The rates at which private credit funds borrow money appear to be high enough to cover fees and risks but too low to generate additional returns for investors, once risks are accounted for.
Researchers Isil Erel, Thomas Flanagan, and Michael S. Weisbach, all affiliated with Ohio State University, argue that although alpha may be achieved, it disappears once fees are paid to fund managers.
Compensated for Risk
The first issue is a familiar one, namely the price tag of the funds. The costs of private credit funds typically consist of a management fee of 1.5% and a carried interest of 15% (a share of the profits). This is lower than the compensation for private equity funds but significantly higher than that of other lenders providing private loans. The risk is also much higher, the researchers state.
“As other non-bank lenders have much lower costs, private credit funds must borrow at much higher rates than other non-bank lenders, and they often deal with lower quality borrowers who have no other sources of capital.”
Many private credit funds also supplement the loans in their portfolios with equity or instruments such as warrants to enhance returns.

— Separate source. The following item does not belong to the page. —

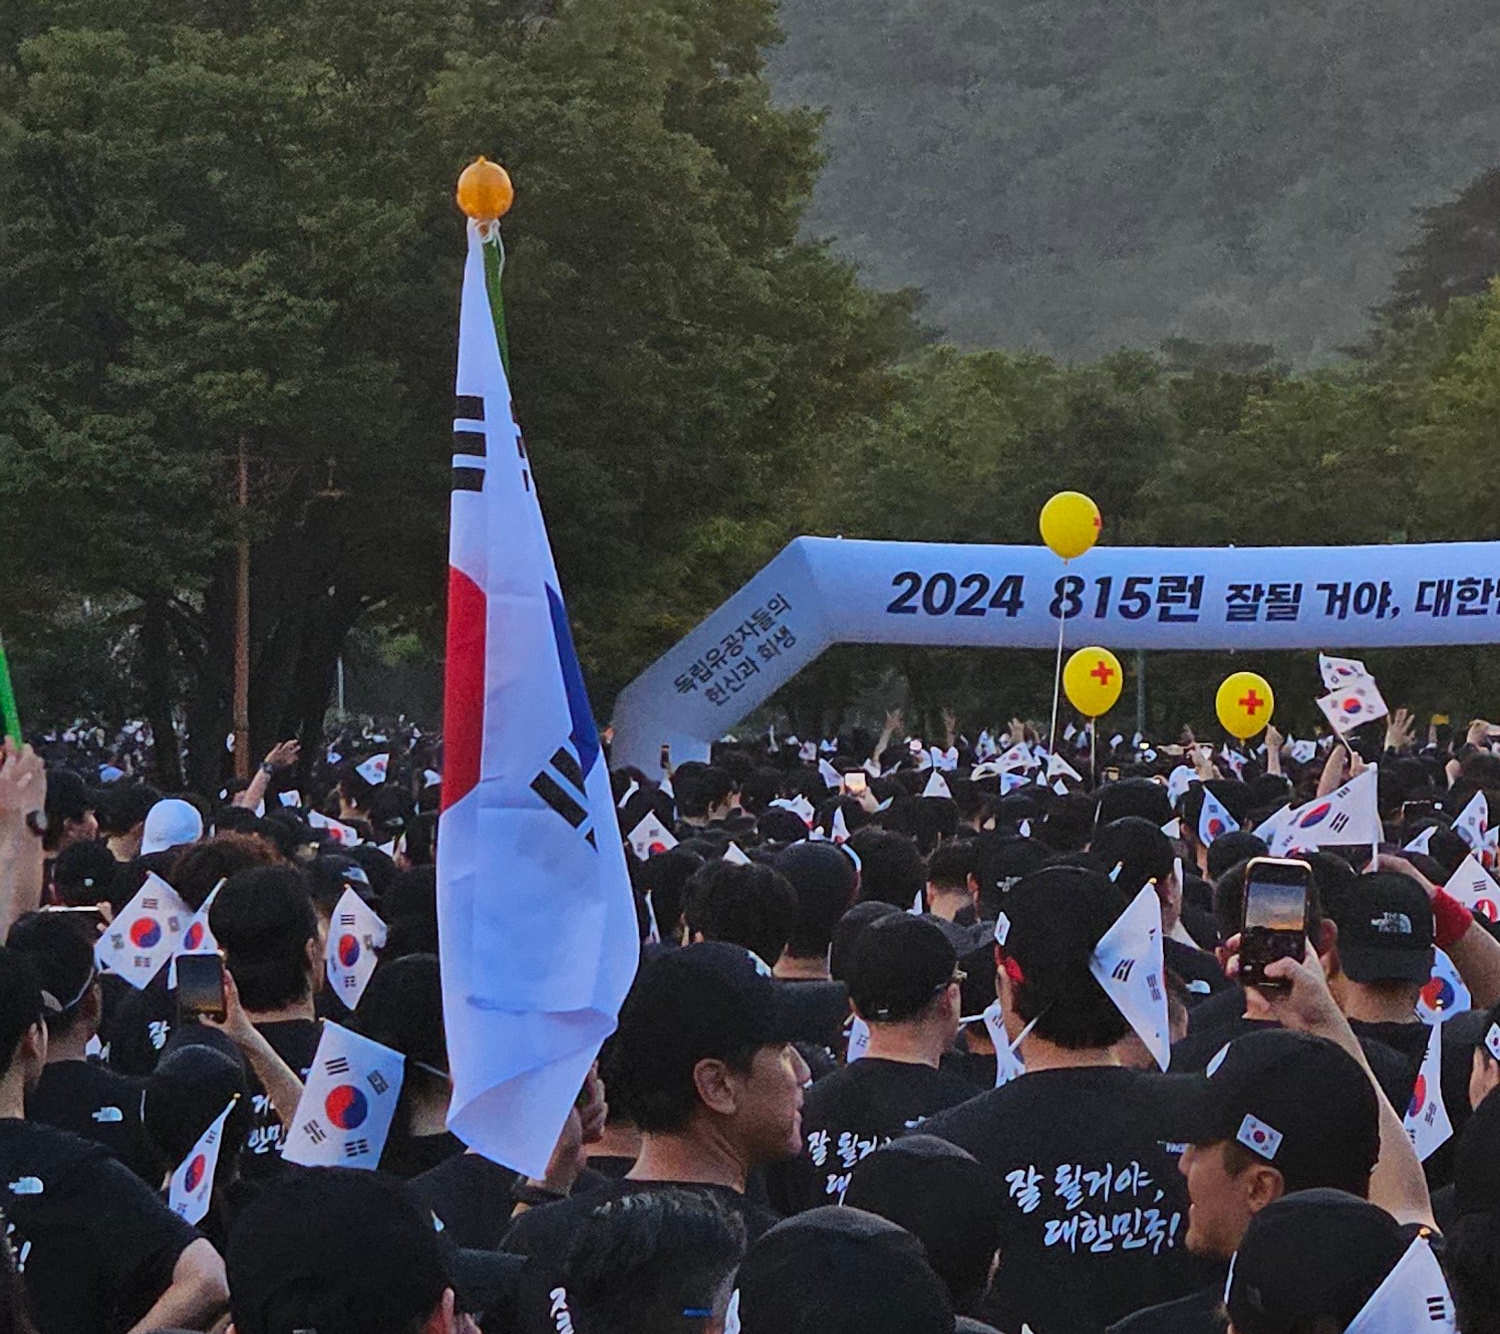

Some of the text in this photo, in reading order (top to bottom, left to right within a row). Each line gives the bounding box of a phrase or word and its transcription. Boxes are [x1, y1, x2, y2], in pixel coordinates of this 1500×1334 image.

“Our estimates indicate that, once adjusted for fees and risks, private debt funds offer their investors returns that are appropriate for the risks they face, but no more than that,” the report states.
Booming
Private debt funds, accounting for an estimated $1.5 trillion in managed assets in 2023 according to data from Preqin, are nonetheless the fastest-growing category in the lending market, with the market doubling in the past five years.
The growing popularity of private credit is largely attributed to institutional investors rotating out of traditional fixed-income securities in favor of private alternatives, and this is not without reason.
From the beginning of the global financial crisis in 2008 to the third quarter of 2023, the annual return was approximately 8%, which is better than investment-grade corporate bonds (3%) and high-yield (6%).